We have already seen from his own reports what McClellan thought of the force he was called upon to command at and near Washington after the disastrous defeat of McDowell at Manassas. There was, he said, "no army to command—a mere collection of regiments, cowering on the banks of the Potomac, some perfectly raw, others dispirited by recent defeat, others going home.... Washington was crowded with straggling officers and men absent from their stations without authority."

Slowly, patiently, painfully, McClellan brought order out of this chaos of demoralization. Out of the broken and utterly dispirited fragments of McDowell's army and out of the new, raw levies sent to him he created that Army of the Potomac which fought the great campaigns of the war.

In the meantime an ignorant and impatient popular clamor and an unintelligent press "opinion"—for there is a certain type of newspaper editor who is apt to regard his own hasty and ill-informed judgment of things that he knows little or nothing about, as an "opinion"—hounded and persecuted the man who was expected to retrieve the Manassas defeat. Even Mr. Lincoln, with all his patience, became impatient of McClellan's inaction—which was excessive perhaps—and almost angrily urged him to action. He called the general's attention to the fact that he had under his command a force greatly superior in numbers to any that the Confederates could muster and that the country was impatient for an advance.

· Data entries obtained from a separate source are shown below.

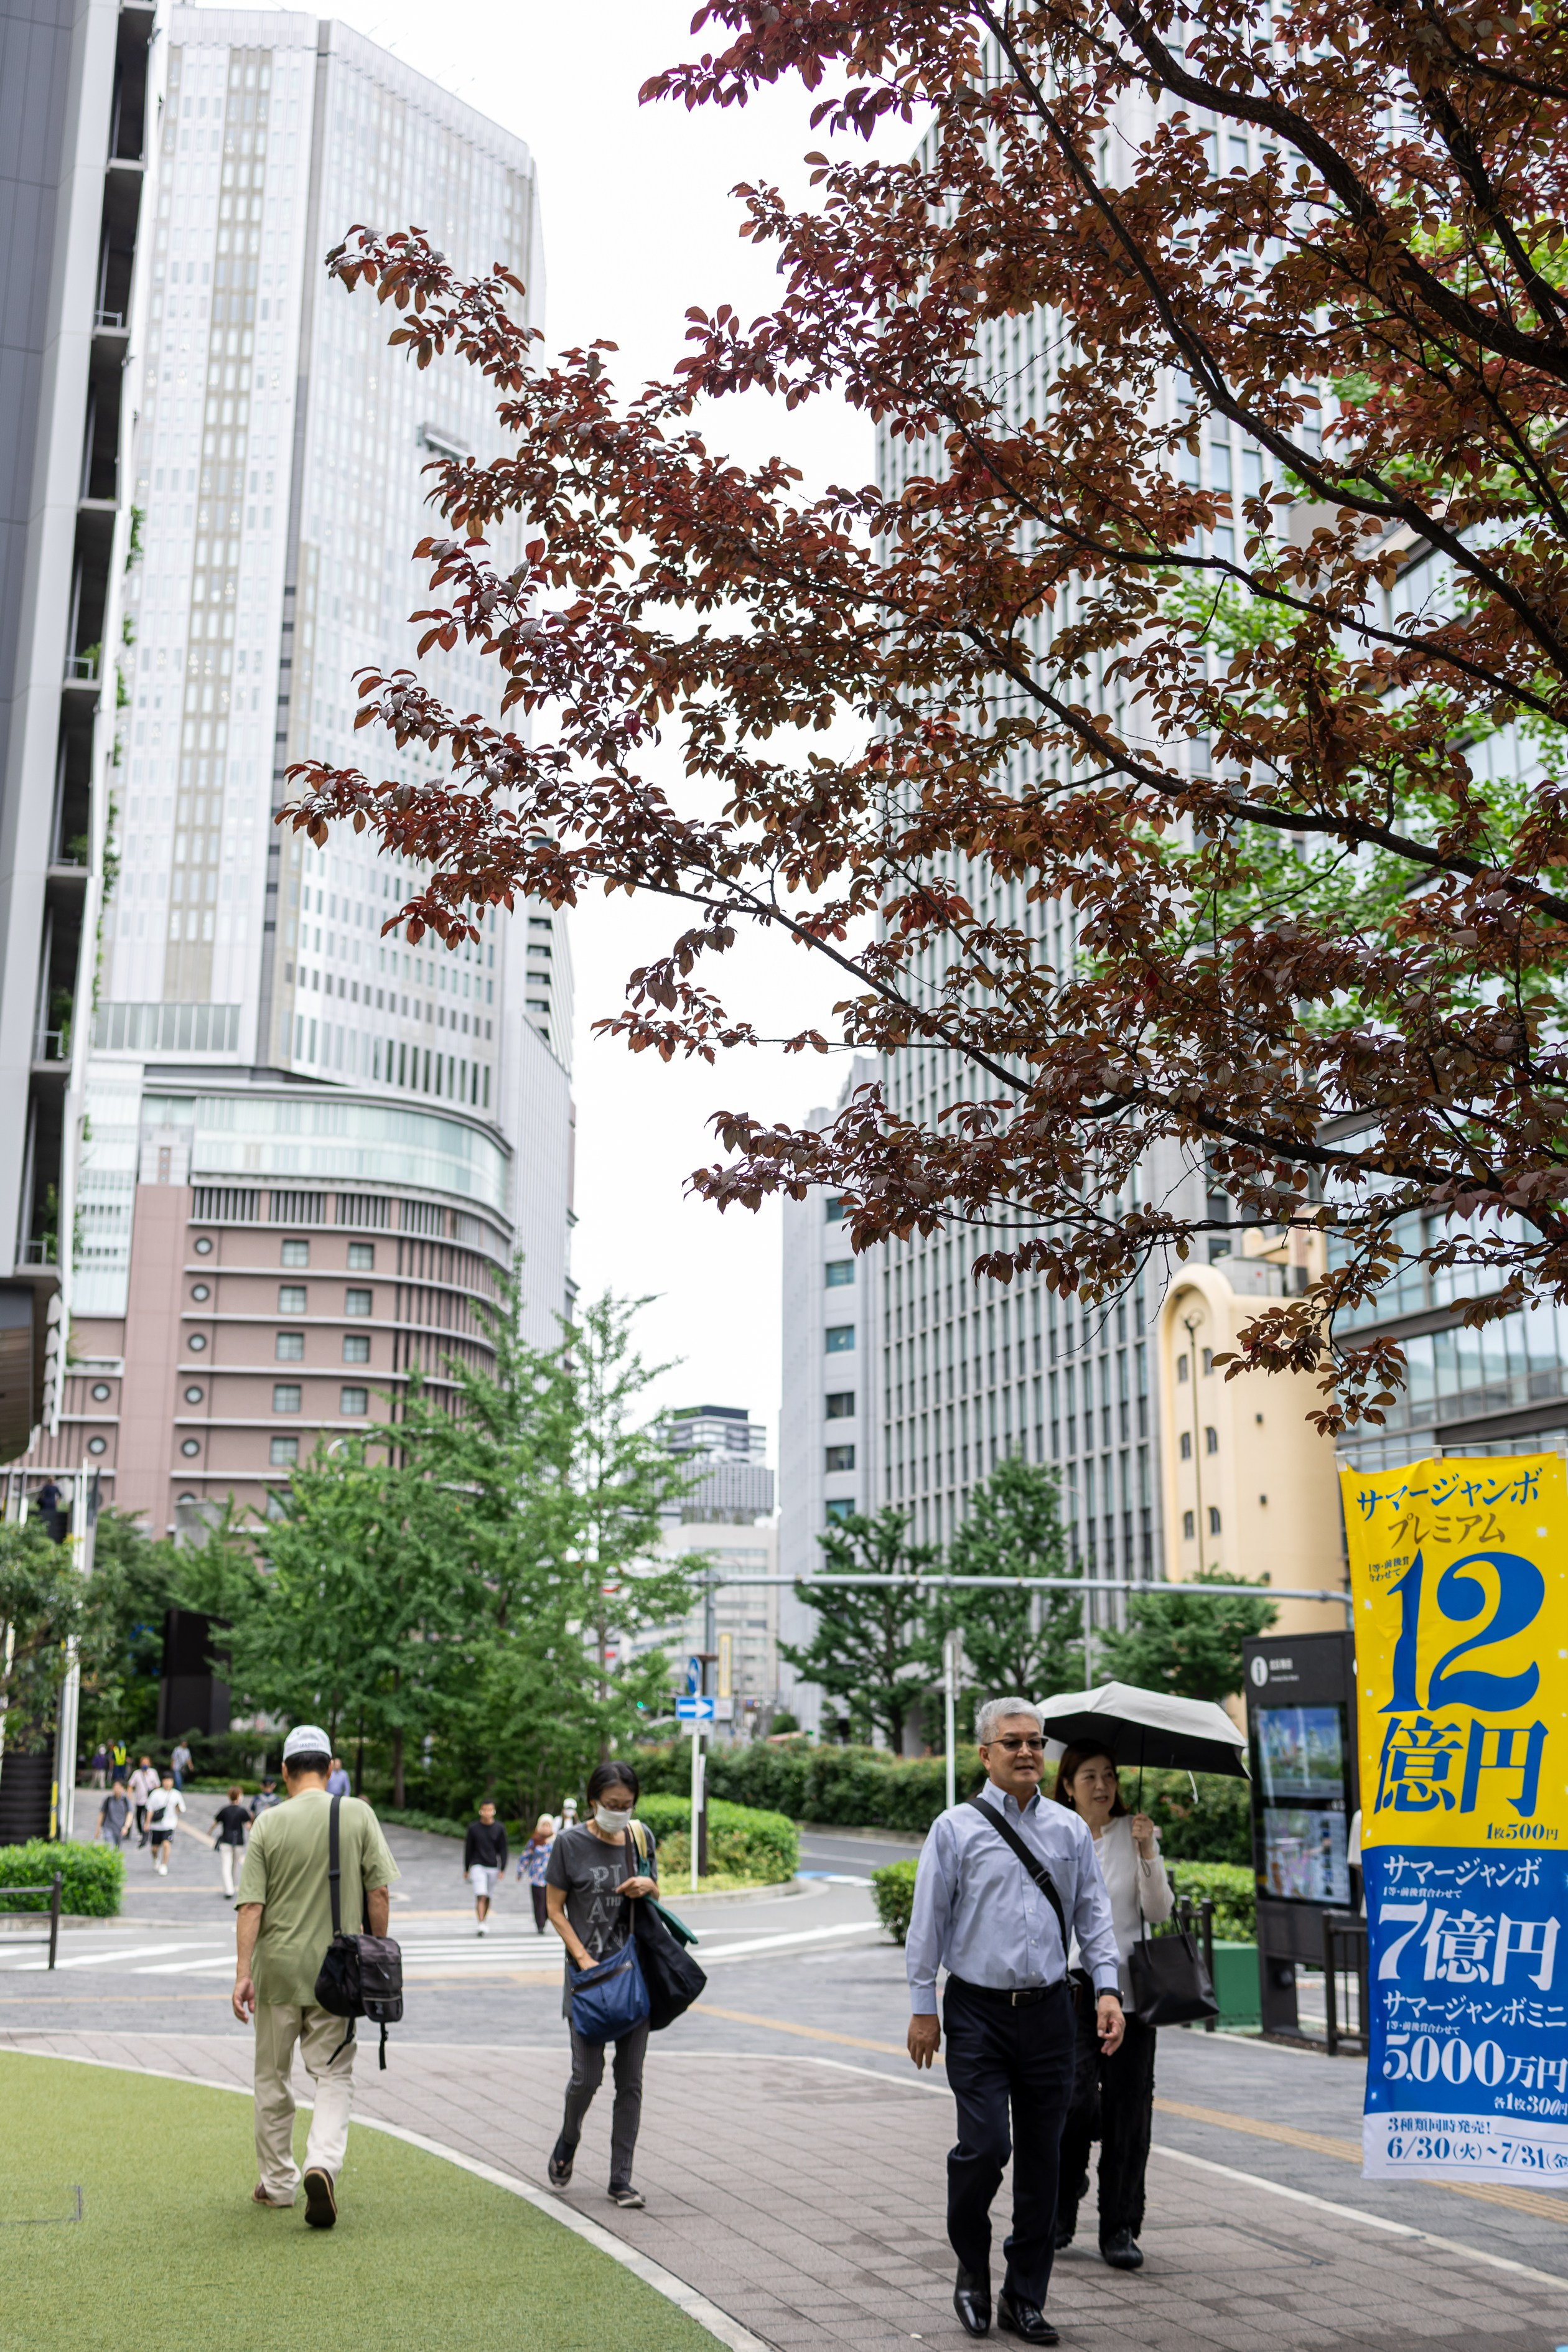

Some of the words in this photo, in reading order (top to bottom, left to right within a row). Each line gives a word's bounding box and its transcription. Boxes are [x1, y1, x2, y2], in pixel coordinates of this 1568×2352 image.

[1356, 1467, 1543, 1522] サマージャンボ
[1388, 1513, 1505, 1549] プレミアム
[1377, 1547, 1546, 1713] 12
[1373, 1715, 1549, 1818] 億円
[1486, 1822, 1559, 1841] 1枚500円
[1383, 1854, 1542, 1888] サマージャンボ
[1377, 1898, 1562, 1991] 7億円
[1382, 1989, 1567, 2028] サマージャンボミニ
[1382, 2032, 1568, 2093] 5,000万円
[1493, 2091, 1568, 2117] 各1枚300円

McClellan seems to have had no thought of making his way to Richmond by the route of Centreville and Manassas, where Johnston lay behind impregnable fortifications. He knew the easier road of approach up the James river from Fortress Monroe as a base of operations. But, at all hazards, the Government, the press and the people insisted, Washington city must be covered and protected, and so McClellan's first care was to feel of the works at Centreville and Manassas before transferring his army down the Potomac and the Chesapeake to Fortress Monroe. Accordingly, on the tenth of March, 1862, he pushed a column forward toward Centreville and Manassas only to find those strongly fortified positions already abandoned. General Johnston had interpreted McClellan's plans aright, and was transferring his army to the Peninsula east of Richmond in order to meet his adversary's confidently-expected advance in that quarter.

There was nothing now, neither defended works nor an opposing army, to forbid McClellan's march upon Richmond by the Manassas route, while it was certain that Johnston was fortifying Williamsburg and other defensible points upon the other route and concentrating his forces there to meet McClellan's advance when it should come.

But McClellan was above all things a man of orderly and methodic mind, a man not to be turned from a pre-arranged plan of action by the offering of any opportunity, however advantageous it might be. So instead of pushing on towards Richmond by the route which his enemy had thus left undefended, he turned about, sent his army by water to Fortress Monroe, and confronted his adversary where that adversary was best prepared at all points to meet him.

In the meanwhile General Burnside had completed the occupation of the southern coast by the seizure of Beaufort, Roanoke, Newberne and Fort Macon, and another Federal force a little later, on the eleventh of April, captured Fort Pulaski, near the mouth of the Savannah river.

After great urgency on the part of Mr. Lincoln, who, in his homely phrase, feared that McClellan's army might "take root" around Washington, that officer at last transferred one hundred and twenty-one thousand men to the neighborhood of Fortress Monroe, with every adjunctive aid that an army could require or make useful. His force outnumbered the Confederates nearly two to one, but it was McClellan's habit of mind to exaggerate the strength of his enemy. It was also his bad habit, as it was Halleck's, to proceed with an exaggerated respect for military "regularity." So instead of pushing forward up the peninsula that lay between the James and the York rivers, and simply running over the vastly inferior forces of his enemy, as a general of enterprising mind would have done, he advanced "scientifically" and with scientific slowness.

The first point of contact was at Yorktown, where General Magruder lay with 13,000 Confederates, McClellan's army of assault—i.e., his advance force—numbered no less than 58,000 men and 100 guns. According to his custom McClellan enormously overestimated the strength of his adversary, and instead of hurling his superior force upon the Confederate works, or using his fleet to pass them by, as General Johnston expected him to do, he sat down before Yorktown and instituted a regular siege approach by parallels.